AIM OF THE EXERCISE: Below are some records; repeat them all exactly, minus the pictures.

INFORMATION:
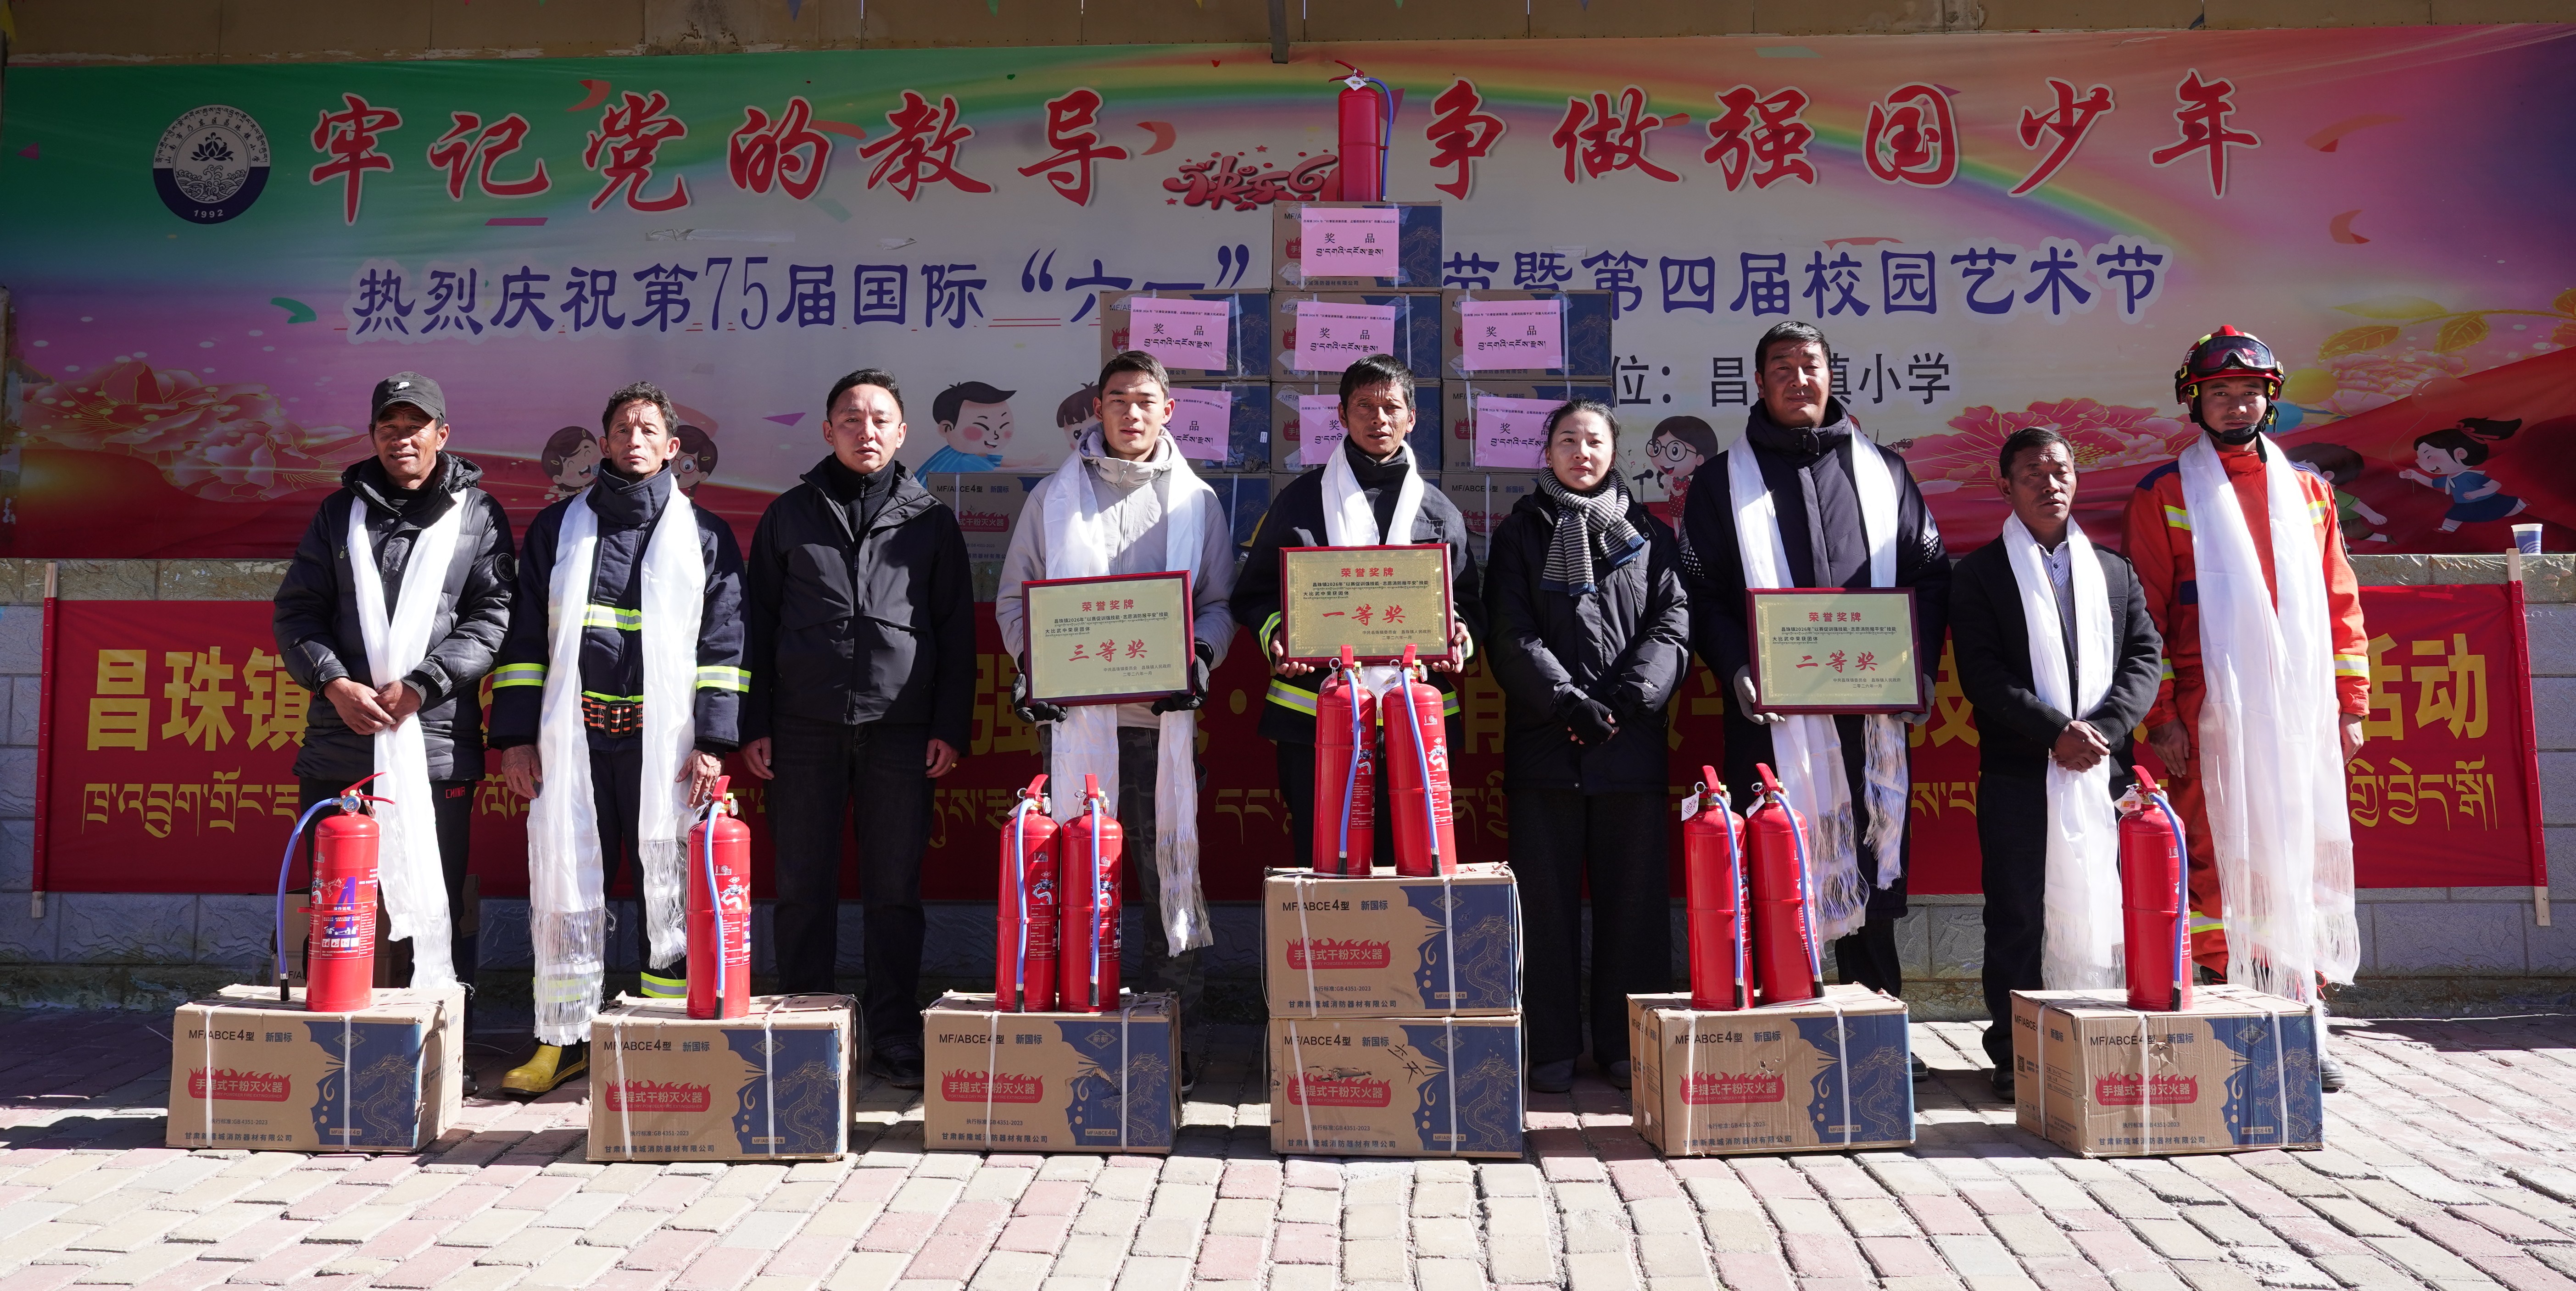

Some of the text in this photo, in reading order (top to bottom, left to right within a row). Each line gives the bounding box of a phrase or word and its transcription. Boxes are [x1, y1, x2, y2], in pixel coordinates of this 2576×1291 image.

[312, 69, 2260, 224] 牢记党的教导 争做强国少年
[194, 209, 224, 218] 1992
[1341, 567, 1394, 578] 荣誉奖牌
[1082, 599, 1134, 612] 荣誉奖牌
[1322, 604, 1406, 626] 一等奖
[1808, 612, 1862, 623] 荣誉奖牌
[1069, 639, 1148, 662] 三等奖
[1796, 650, 1878, 673] 二等奖
[86, 646, 311, 751] 昌珠镇
[446, 786, 465, 799] CHINA
[1361, 900, 1388, 911] 新国标
[265, 1032, 292, 1042] 新国标
[1015, 1034, 1043, 1045] 新国标
[1362, 1036, 1389, 1047] 新国标
[1754, 1031, 1781, 1042] 新国标
[2167, 1033, 2194, 1044] 新国标
[682, 1041, 710, 1052] 新国标
[948, 1081, 1036, 1095] 手提式干粉灭火器
[1688, 1082, 1777, 1096] 手提式干粉灭火器

TASK OUTPUT:
Some of the text in this photo, in reading order (top to bottom, left to right within a row). Each line gives the bounding box of a phrase or word and its transcription. Boxes are [x1, y1, x2, y2], in pixel coordinates of this 2576×1291 image.

[312, 69, 2260, 224] 牢记党的教导 争做强国少年
[194, 209, 224, 218] 1992
[1341, 567, 1394, 578] 荣誉奖牌
[1082, 599, 1134, 612] 荣誉奖牌
[1322, 604, 1406, 626] 一等奖
[1808, 612, 1862, 623] 荣誉奖牌
[1069, 639, 1148, 662] 三等奖
[1796, 650, 1878, 673] 二等奖
[86, 646, 311, 751] 昌珠镇
[446, 786, 465, 799] CHINA
[1361, 900, 1388, 911] 新国标
[265, 1032, 292, 1042] 新国标
[1015, 1034, 1043, 1045] 新国标
[1362, 1036, 1389, 1047] 新国标
[1754, 1031, 1781, 1042] 新国标
[2167, 1033, 2194, 1044] 新国标
[682, 1041, 710, 1052] 新国标
[948, 1081, 1036, 1095] 手提式干粉灭火器
[1688, 1082, 1777, 1096] 手提式干粉灭火器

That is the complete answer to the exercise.